Stored entries:
########

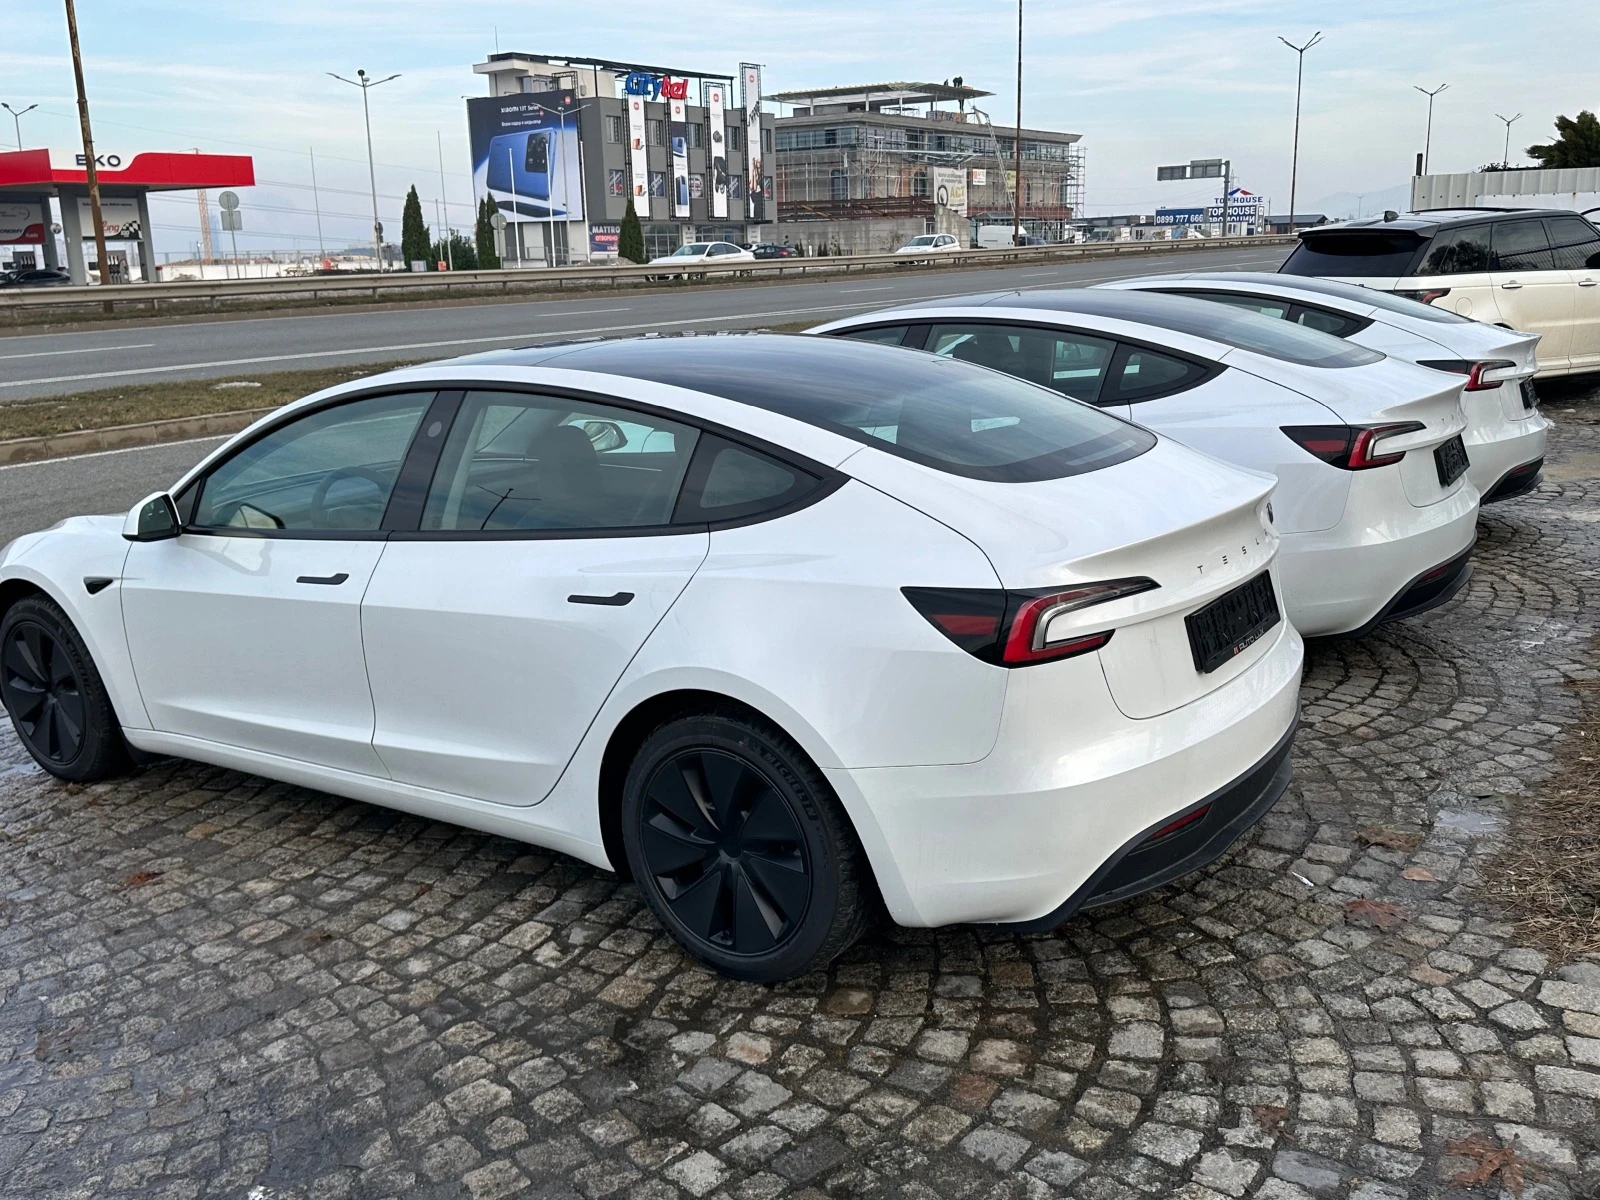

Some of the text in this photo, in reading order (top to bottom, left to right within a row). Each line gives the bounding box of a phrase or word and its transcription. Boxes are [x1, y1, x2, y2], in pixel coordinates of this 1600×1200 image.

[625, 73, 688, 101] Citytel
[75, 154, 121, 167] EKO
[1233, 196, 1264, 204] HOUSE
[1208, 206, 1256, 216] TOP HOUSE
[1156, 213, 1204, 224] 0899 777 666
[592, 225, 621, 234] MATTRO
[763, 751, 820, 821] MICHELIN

########

> **ABOUT THIS EXERCISE**: Exact copy, no pictures: reproduce every entry shown above.

> **SOLUTION TO THIS EXERCISE**:
Some of the text in this photo, in reading order (top to bottom, left to right within a row). Each line gives the bounding box of a phrase or word and its transcription. Boxes are [x1, y1, x2, y2], in pixel coordinates of this 1600×1200 image.

[625, 73, 688, 101] Citytel
[75, 154, 121, 167] EKO
[1233, 196, 1264, 204] HOUSE
[1208, 206, 1256, 216] TOP HOUSE
[1156, 213, 1204, 224] 0899 777 666
[592, 225, 621, 234] MATTRO
[763, 751, 820, 821] MICHELIN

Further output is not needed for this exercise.